Dataset entries:
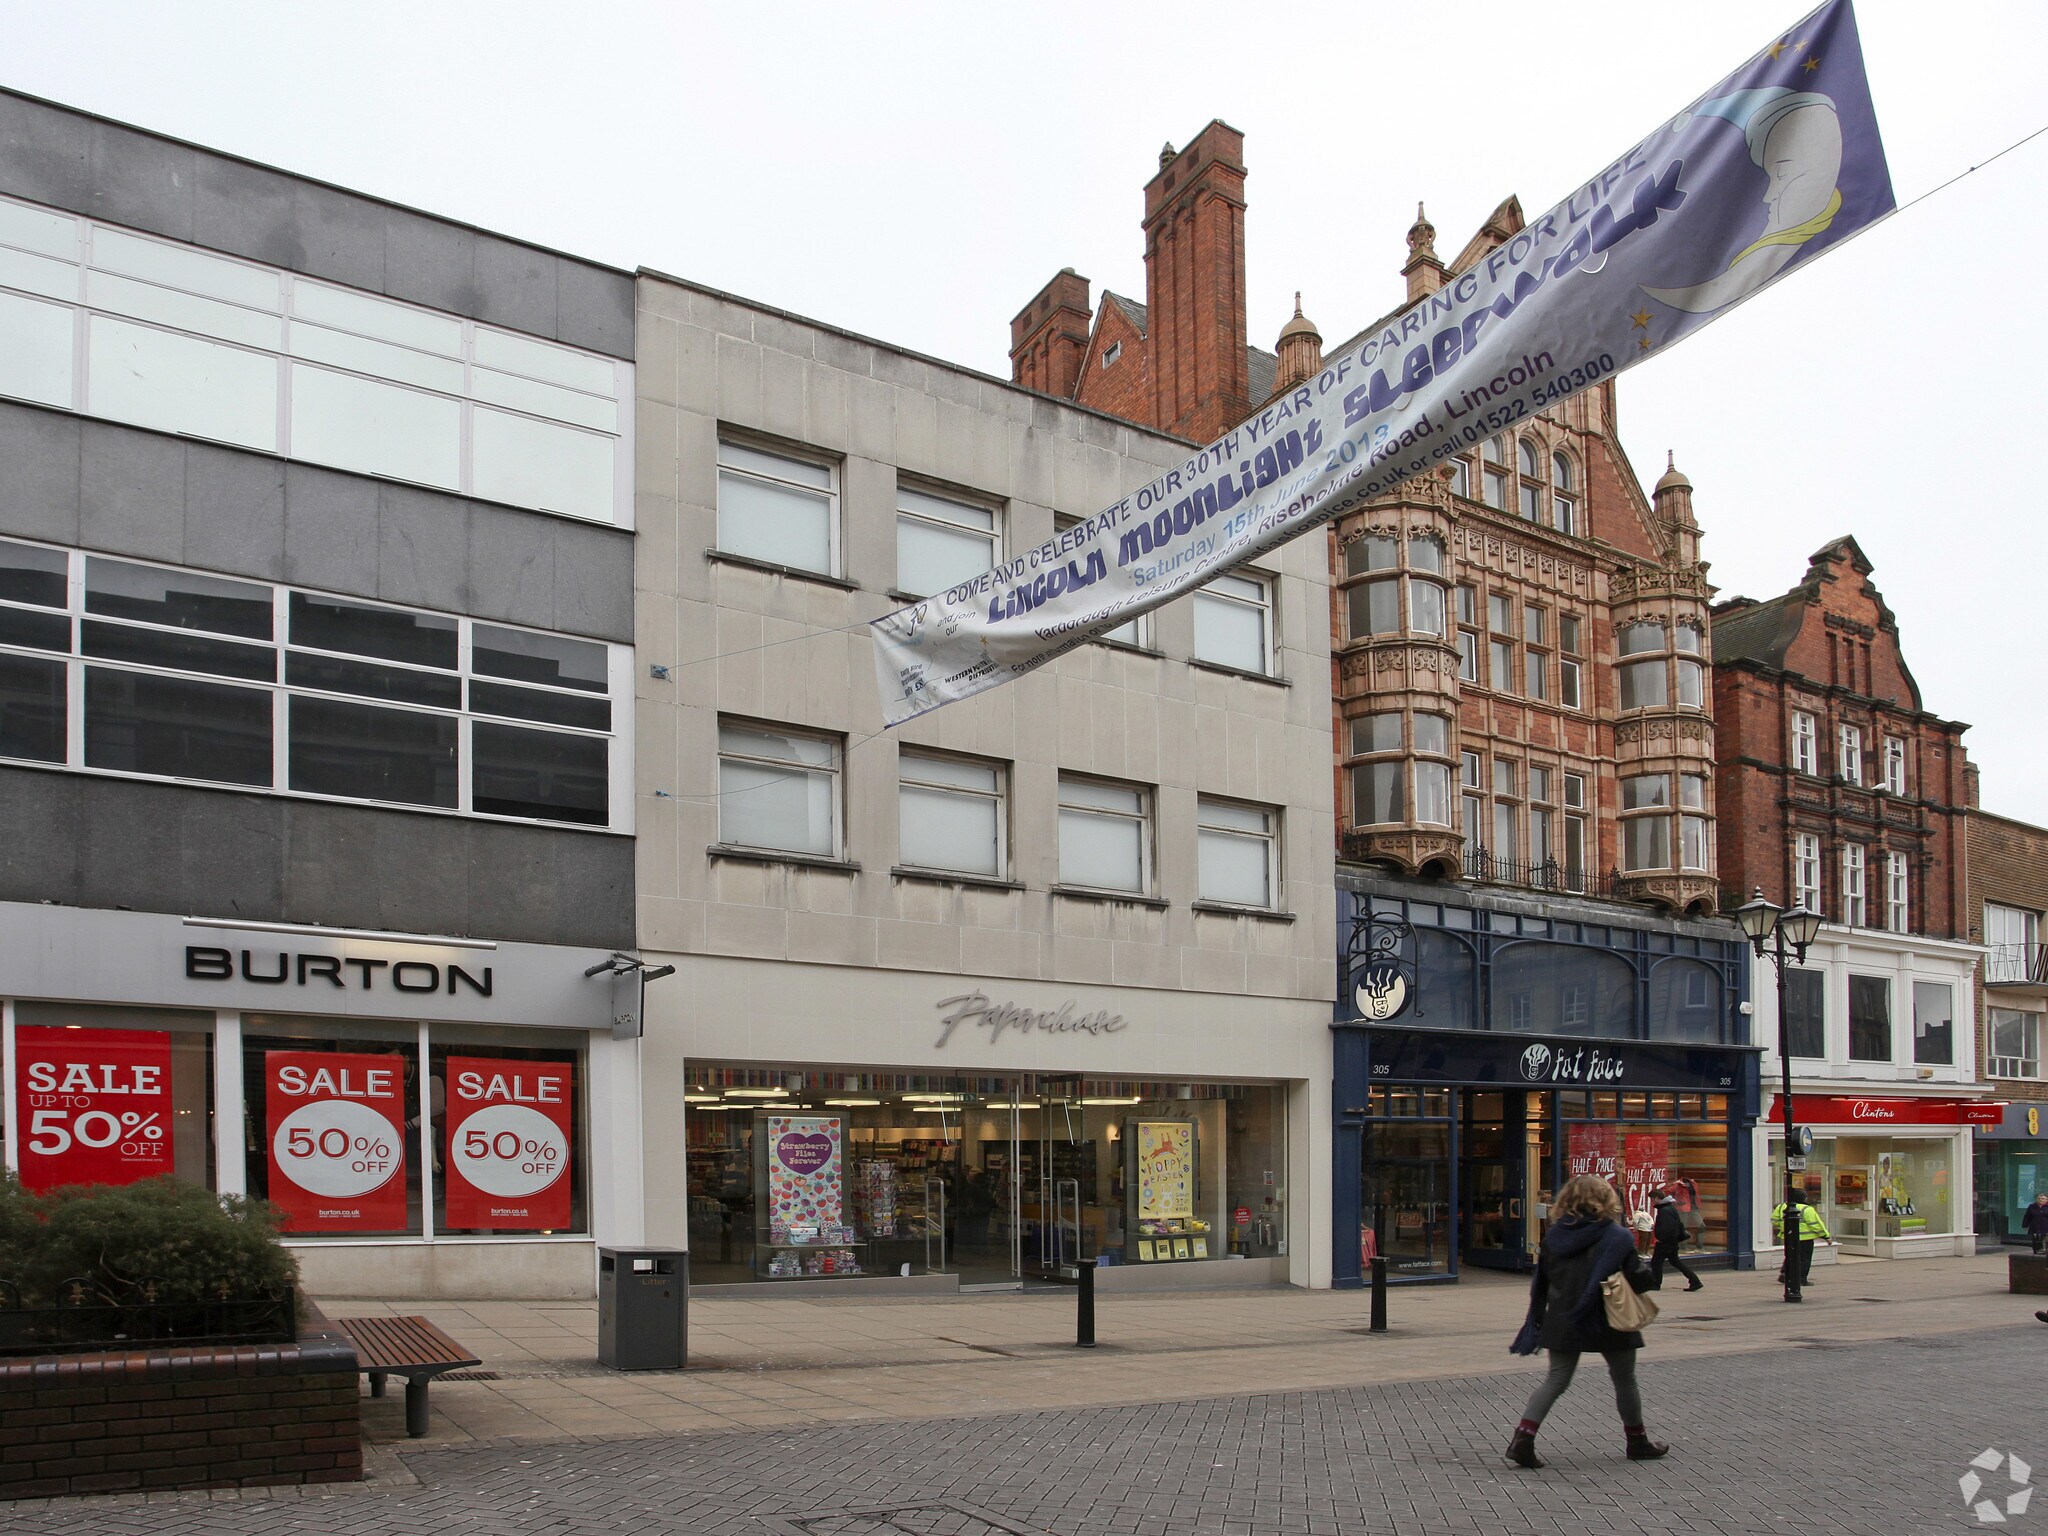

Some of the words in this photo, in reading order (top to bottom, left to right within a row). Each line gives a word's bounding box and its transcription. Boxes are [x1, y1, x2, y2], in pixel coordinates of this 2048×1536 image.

[946, 574, 990, 606] COME
[991, 557, 1025, 586] AND
[1030, 499, 1130, 569] CELEBRATE
[1137, 470, 1183, 511] OUR
[1187, 431, 1240, 482] 30TH
[1246, 388, 1313, 445] YEAR
[1318, 357, 1352, 396] OF
[1360, 273, 1478, 368] CARING
[1486, 214, 1558, 284] FOR
[1567, 143, 1647, 224] LIFE
[1411, 457, 1430, 471] or
[1432, 437, 1461, 460] call
[1462, 399, 1529, 443] 01522
[1533, 353, 1616, 407] 540300
[1035, 601, 1123, 641] Yarborough
[1126, 572, 1190, 605] Leisure
[1194, 534, 1252, 574] Centre,
[1258, 459, 1363, 535] Riseholme
[1369, 414, 1445, 468] Road,
[1444, 350, 1555, 420] Lincoln
[1133, 532, 1217, 588] Saturday
[1223, 503, 1265, 539] 15th
[1270, 466, 1318, 509] June
[1324, 423, 1391, 473] 2013
[953, 610, 977, 624] join
[945, 622, 959, 637] our
[944, 667, 973, 683] WESTERN
[185, 945, 493, 997] BURTON
[935, 988, 1129, 1048] Paperchase
[1373, 1065, 1390, 1075] 305
[28, 1062, 161, 1095] SALE
[277, 1066, 394, 1098] SALE
[1719, 1077, 1731, 1086] 305
[457, 1072, 562, 1103] SALE
[30, 1095, 57, 1107] UP
[61, 1095, 91, 1108] TO
[1852, 1101, 1895, 1118] Clintons
[29, 1110, 163, 1155] 50%
[120, 1142, 163, 1156] OFF
[287, 1127, 392, 1160] 50%
[464, 1130, 558, 1161] 50%
[780, 1142, 831, 1151] Strawberry
[351, 1160, 389, 1173] OFF
[521, 1162, 556, 1174] OFF
[789, 1157, 822, 1165] Forever
[1572, 1158, 1591, 1173] HALF
[1595, 1157, 1616, 1173] PRICE
[1627, 1169, 1645, 1183] HALF
[1648, 1168, 1666, 1183] PRICE
[1398, 1260, 1443, 1268] www.fatface.com
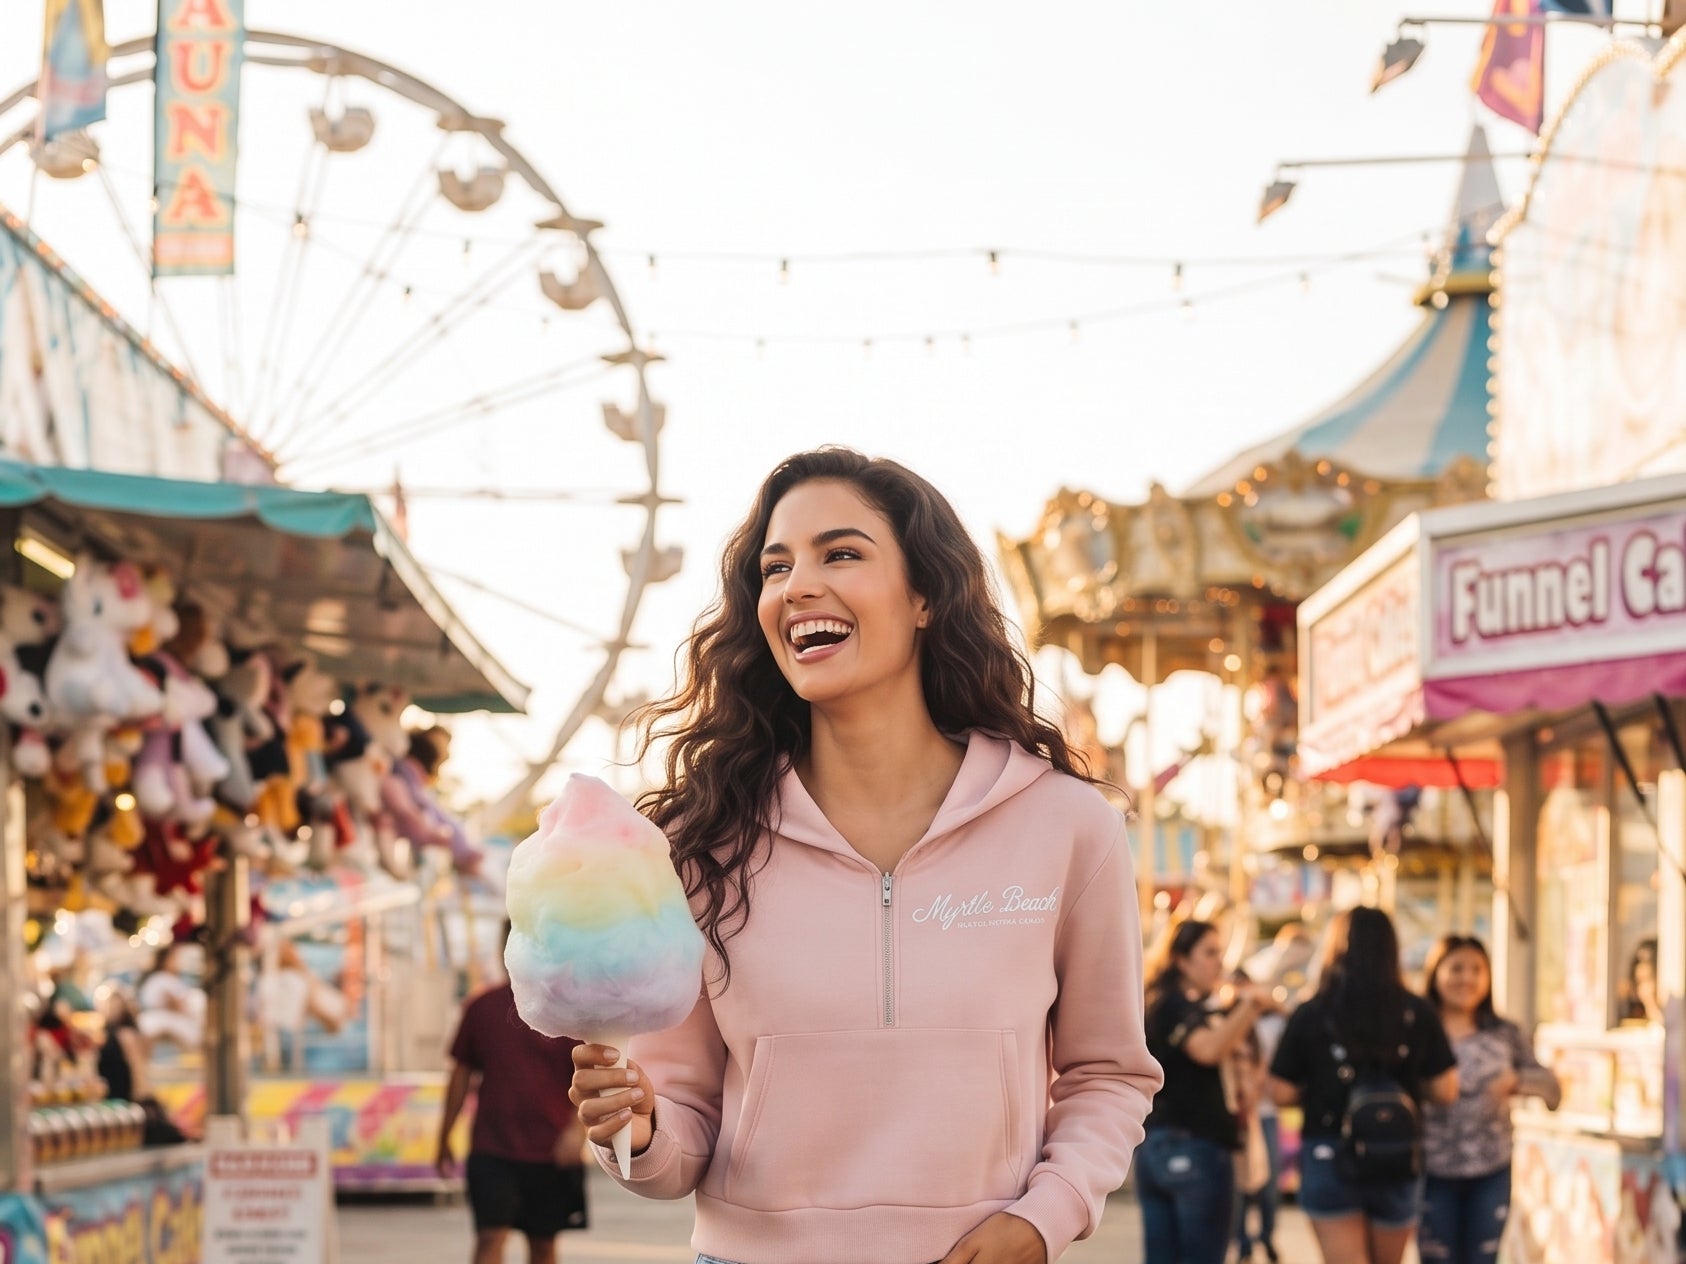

▸ Task description
With the pictures excluded, the records are to be reproduced exactly.

▸ Answer to the problem
Some of the words in this photo, in reading order (top to bottom, left to right within a row). Each line gives a word's bounding box and its transcription. Boxes are [x1, y1, x2, y2], in pixel coordinates of this 2048×1536 image.

[946, 574, 990, 606] COME
[991, 557, 1025, 586] AND
[1030, 499, 1130, 569] CELEBRATE
[1137, 470, 1183, 511] OUR
[1187, 431, 1240, 482] 30TH
[1246, 388, 1313, 445] YEAR
[1318, 357, 1352, 396] OF
[1360, 273, 1478, 368] CARING
[1486, 214, 1558, 284] FOR
[1567, 143, 1647, 224] LIFE
[1411, 457, 1430, 471] or
[1432, 437, 1461, 460] call
[1462, 399, 1529, 443] 01522
[1533, 353, 1616, 407] 540300
[1035, 601, 1123, 641] Yarborough
[1126, 572, 1190, 605] Leisure
[1194, 534, 1252, 574] Centre,
[1258, 459, 1363, 535] Riseholme
[1369, 414, 1445, 468] Road,
[1444, 350, 1555, 420] Lincoln
[1133, 532, 1217, 588] Saturday
[1223, 503, 1265, 539] 15th
[1270, 466, 1318, 509] June
[1324, 423, 1391, 473] 2013
[953, 610, 977, 624] join
[945, 622, 959, 637] our
[944, 667, 973, 683] WESTERN
[185, 945, 493, 997] BURTON
[935, 988, 1129, 1048] Paperchase
[1373, 1065, 1390, 1075] 305
[28, 1062, 161, 1095] SALE
[277, 1066, 394, 1098] SALE
[1719, 1077, 1731, 1086] 305
[457, 1072, 562, 1103] SALE
[30, 1095, 57, 1107] UP
[61, 1095, 91, 1108] TO
[1852, 1101, 1895, 1118] Clintons
[29, 1110, 163, 1155] 50%
[120, 1142, 163, 1156] OFF
[287, 1127, 392, 1160] 50%
[464, 1130, 558, 1161] 50%
[780, 1142, 831, 1151] Strawberry
[351, 1160, 389, 1173] OFF
[521, 1162, 556, 1174] OFF
[789, 1157, 822, 1165] Forever
[1572, 1158, 1591, 1173] HALF
[1595, 1157, 1616, 1173] PRICE
[1627, 1169, 1645, 1183] HALF
[1648, 1168, 1666, 1183] PRICE
[1398, 1260, 1443, 1268] www.fatface.com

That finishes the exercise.